Advertisement

Elections ’92 : Sparks Flying in Reiner-Garcetti Race : Campaign: Sniping already begins between the D.A. and his former chief aide as they gear up for runoff vote in November.

Share
TIMES STAFF WRITER

Sparks were already flying Wednesday between Dist. Atty. Ira Reiner and his former chief aide, Gil Garcetti, as they faced a runoff election for the job as the county’s top prosecutor.

Sniping that began primary night continued as Garcetti, who gained 34% of the vote, called Reiner the year’s dirtiest word, a “politician,” and Reiner, who won only 26% of the vote, dismissed his former chief deputy as a man who “makes a good first impression” but will not hold up under public scrutiny.

Setting the tone for what is likely to be a nasty campaign leading up to the November election, each portrayed the other during comments Wednesday as lacking qualifications for the job. Garcetti, 50, who now runs a branch of the district attorney office, said his boss was “using the office to become governor one day.” And Reiner, 56, with eight years in the post, said Garcetti is a “secretive” person who “is not to be trusted in a position of power.”

Advertisement

Reiner said in an interview that he named Garcetti as his second-in-command but after four years found “it was necessary to remove him for very serious personal reasons.”

He declined to elaborate, saying information would emerge in “face-to-face . . . joint appearances and debate” during the coming campaign “rather than in a piecemeal way through the media.”

During the primary, Reiner accused Garcetti of authorizing excessive overtime pay for himself.

Garcetti, who denies any impropriety, said after a press conference Wednesday that he has “173 spiral notebooks” that he kept while he was Reiner’s chief deputy, summarizing conversations with his boss and actions taken in his behalf.

“I can document a lot more than he can,” Garcetti said.

Garcetti, who has spent 23 years with the district attorney’s office, also challenged Reiner to detail his suggestions of wrongdoing, saying: “I can slam-dunk anything and everything he brings up.”

Garcetti promised that his campaign would hammer at the issues of “professional competency, professional integrity and positive leadership,” all qualities he said the current district attorney lacks. Voters have a choice between a “professional prosecutor,” he noted, and Reiner, a man constantly “shooting from the lips.”

Advertisement

Garcetti accused Reiner of missteps during his tenure, citing the district attorney’s decision to file attempted murder charges five years ago against a male prostitute accused of selling AIDS-contaminated blood, a case believed to be the first of its kind in the nation.

“I and every other senior staff member told him that we could not do it, that we didn’t have a case ethically and legally,” Garcetti said. “But the case was filed and he was on ‘Nightline’ that night. The case was ultimately kicked out.”

A Superior Court judged ruled that there was no evidence the prostitute specifically intended to kill anyone by selling his blood.

Garcetti cited a 1988 incident that he called “a precursor to the Karlin case,” when Reiner refused to let a Glendale Municipal Court commissioner hear cases after the commissioner used a racial epithet in court. But Reiner later backed down after bar officials found the commissioner was not guilty of racism.

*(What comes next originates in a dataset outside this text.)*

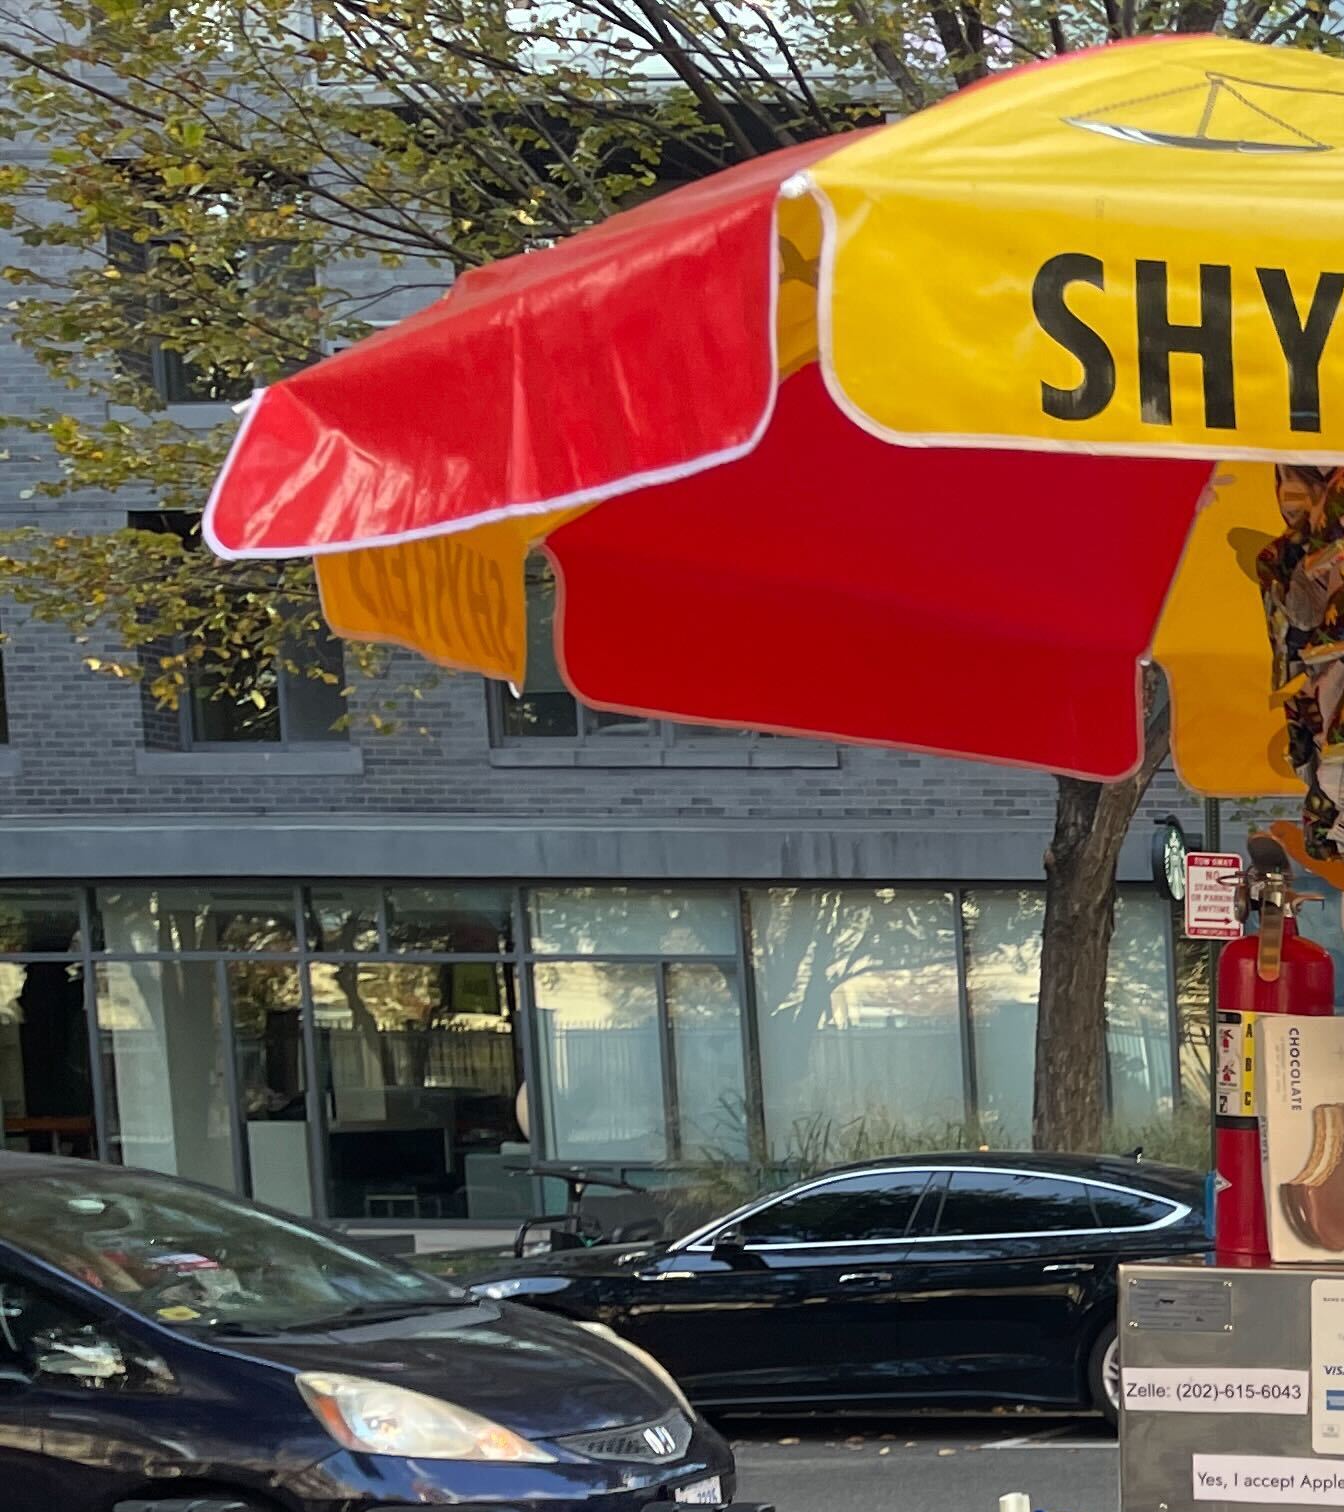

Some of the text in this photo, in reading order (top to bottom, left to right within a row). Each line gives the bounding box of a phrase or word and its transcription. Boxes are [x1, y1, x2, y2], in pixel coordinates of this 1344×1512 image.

Reiner said he was surprised by the criticisms because in both cases he had followed Garcetti’s recommendations. In the Glendale case, he said, Garcetti himself launched the investigation of the commissioner “without informing me the incident had ever occurred.”

“This was his action presented (to me) as a completed investigation,” Reiner said.

“That tells you everything you need to know about Gil Garcetti,” Reiner said after learning that Garcetti was using the case against him.

Advertisement

Garcetti said Reiner told him he had done a “superlative” job.

But Reiner said such praise was “just one of the accommodations you make” in personnel moves. And he recalled how Garcetti insisted on moving his furniture from his downtown office to his new one in Torrance and also kept a car radio in “an effort to hold on to some kind of status.”